MAS 964 (H): Special Topics in Media Technology:
Camera Culture
Spring 2008

Class 2: How can we augment the camera to support best 'image search'?

Or more precisely, object matching across images.

(For example, if we find to find a specific face image, we need a procedure to segment and identify (detect) the pixels likely to belong to a face, then recognize the candidate face by transforming into a representation where we can match with that specific face image. Currently, this is all performed in software using traditional cameras. Typically, the algorithms try to reduce the image to lower-dimensional 'features' and do the matching in this feature-space. Unlike text search, where the search pipeline is simple thanks to easy matching process, object-matching-in-images is quite difficult. What can we additional data can we capture while recording pixels and what new algorithms can exploit this augmented photo?)

How can we make the scene ingredients machine readable so that we can easily perform the 'search'? Is this the key problem? 3D
reconstruction (so that it is view independent, )? Hardware and software solutions? Crowdsourcing (let people do
marking/sorting/indexing for others)? Metadata tagging (tag highlevel text labels rather
than pixel-level tagging)?

Do we need to capture Material index (where is all the wood in this image)? Segmentation
boundaries (shape versus reflectance edges)? Repeatable view and illumination invariance (be able to recreate image from
a given view so it can be compared with another image, or create images that look same
independent of time-of-day)?

Some ideas: (i) to locate all 'images' with faces, record the iris biometric which validates
if a photo includes a human eye, and then we can search all images across an album with
that face/eye/iris, (ii) embedd RFID tag (electronic bar-code) in every object and record the binary index with an RFID reader.

Contributors so far:
Tom Yeh

(scroll to individual responses)

Tom Yeh

article proposes five ways to augment the camera to support **best**
image search:

1.  Interact with the People and the World

   Computer vision systems used to drive image search are often
handicapped because they are forced to work with whatever images that
are handed to them. They may get confused by ambiguities in an image.
They may wish this confusing image could be taken again by the person
who took it, hoping that the second attempt can clear things up.
However, this is only wishful thinking, because there is no way the
photographer would revisit the place and take the image again.

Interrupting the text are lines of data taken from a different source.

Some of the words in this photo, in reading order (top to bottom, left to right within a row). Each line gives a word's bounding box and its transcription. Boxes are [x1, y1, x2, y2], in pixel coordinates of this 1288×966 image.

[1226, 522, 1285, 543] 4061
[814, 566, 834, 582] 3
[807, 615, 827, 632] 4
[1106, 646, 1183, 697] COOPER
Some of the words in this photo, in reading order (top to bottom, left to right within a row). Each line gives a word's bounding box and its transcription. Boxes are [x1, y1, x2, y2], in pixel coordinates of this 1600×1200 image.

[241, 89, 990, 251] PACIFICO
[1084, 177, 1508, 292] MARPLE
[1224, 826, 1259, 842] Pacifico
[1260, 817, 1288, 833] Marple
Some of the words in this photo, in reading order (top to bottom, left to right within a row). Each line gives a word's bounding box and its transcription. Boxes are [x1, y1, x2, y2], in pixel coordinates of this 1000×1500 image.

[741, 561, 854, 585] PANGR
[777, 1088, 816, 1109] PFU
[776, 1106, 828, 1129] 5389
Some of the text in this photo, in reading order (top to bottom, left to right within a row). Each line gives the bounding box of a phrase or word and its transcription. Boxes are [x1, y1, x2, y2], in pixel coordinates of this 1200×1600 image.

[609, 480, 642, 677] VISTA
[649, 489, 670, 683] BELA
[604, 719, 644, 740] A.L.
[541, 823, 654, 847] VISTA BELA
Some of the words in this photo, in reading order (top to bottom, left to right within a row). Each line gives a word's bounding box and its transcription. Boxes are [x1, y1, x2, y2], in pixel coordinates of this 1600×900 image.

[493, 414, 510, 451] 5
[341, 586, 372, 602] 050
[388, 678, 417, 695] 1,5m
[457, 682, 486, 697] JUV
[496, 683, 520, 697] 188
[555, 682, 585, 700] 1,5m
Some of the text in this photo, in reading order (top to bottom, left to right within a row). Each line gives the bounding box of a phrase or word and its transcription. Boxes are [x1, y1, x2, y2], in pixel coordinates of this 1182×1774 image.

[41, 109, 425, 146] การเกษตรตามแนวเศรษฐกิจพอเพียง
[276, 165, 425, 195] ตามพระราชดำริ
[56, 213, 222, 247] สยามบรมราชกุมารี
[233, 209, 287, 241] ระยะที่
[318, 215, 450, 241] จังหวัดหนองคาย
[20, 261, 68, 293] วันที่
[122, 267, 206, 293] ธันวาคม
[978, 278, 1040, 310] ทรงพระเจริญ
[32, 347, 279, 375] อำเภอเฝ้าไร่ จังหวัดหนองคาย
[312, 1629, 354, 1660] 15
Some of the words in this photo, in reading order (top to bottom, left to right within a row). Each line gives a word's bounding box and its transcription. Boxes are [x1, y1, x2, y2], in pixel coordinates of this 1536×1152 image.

   One way to make the dream of every computer vision system come
true is to put it right on the camera and let it work its magic
whenever the camera is capturing an image. This setup gives the vision
system an opportunity to directly interact with the photographer or
with the world. In low-level vision tasks, for example, the vision
system may think that the  image being captured is too dark to provide
enough details for searching. To alleviate this problem, the system
can *kindly* ask the photographer to take an image again in a more
favorable lighting condition. The photographer should oblige unless he
does not wish to make the image searchable. In high-level vision
tasks, for example, the vision system may be unsure whether the object
in the image is a dog or a cat. It can simply ask the photographer to
help clarify the matter when the photographer is still pointing the
camera at the animal.

   Sometimes the photographer may not be kind enough to help. Unable
to depend on humans, the vision system needs to interact with the
environment by itself. Interaction with the environment can be carried
out in the following ways:

   *  The vision system can interact with the environment with a
flash, for instance, forcing the flash to fire if it feels the image
will be too dark for image search.

   *  The vision system can interact with the environment with a
sonar, for instance, to measure the distance of each point in the

   *  The vision system can interact with the environment with a
projector. For example, the vision system may be unsure whether there
are two balls of the same size at the same distance or there are a
large ball further away and a small ball closer to the camera. To
resolve this puzzle, the vision system can simply make a hypothesis
that the two balls are of the same size, command  the projector to
project an image of two circles as large as the size of the ball back
the scene, and check whether the projected circles appear equally
large. If so, we have reasons to believe these balls are indeed
equally large and distant.

2.  Go Beyond the Visible Spectrum

   The original purpose of photography is to obtain images that can
recreate the visual experiences of seeing something when we look at
these images. Since seeing is our only concern, there is no need for
images to store anything other than what can be seen by us. Even
though a camera can see more than what we can see, everything outside
of our visible spectrum is not needed for seeing and is thrown away by
the camera.

   However, as the digitization of photography renders films
virtually free, the number of images an average person takes has
exploded. Search becomes important. The invisible spectrum contains
useful patterns about the visible world we observe, even though we can
not see them. Our need to search images gives cameras a reason to pay
attention to the whole spectrum instead of only the visible spectrum.
For example, an infrared sensor can capture the temperature patterns
in a scene, allowing us to search for images containing warm objects
or cold objects. An X-ray sensor can capture patterns underneath
certain surfaces, allowing an image search engine to distinguish
between a real human being and a fake mannequin.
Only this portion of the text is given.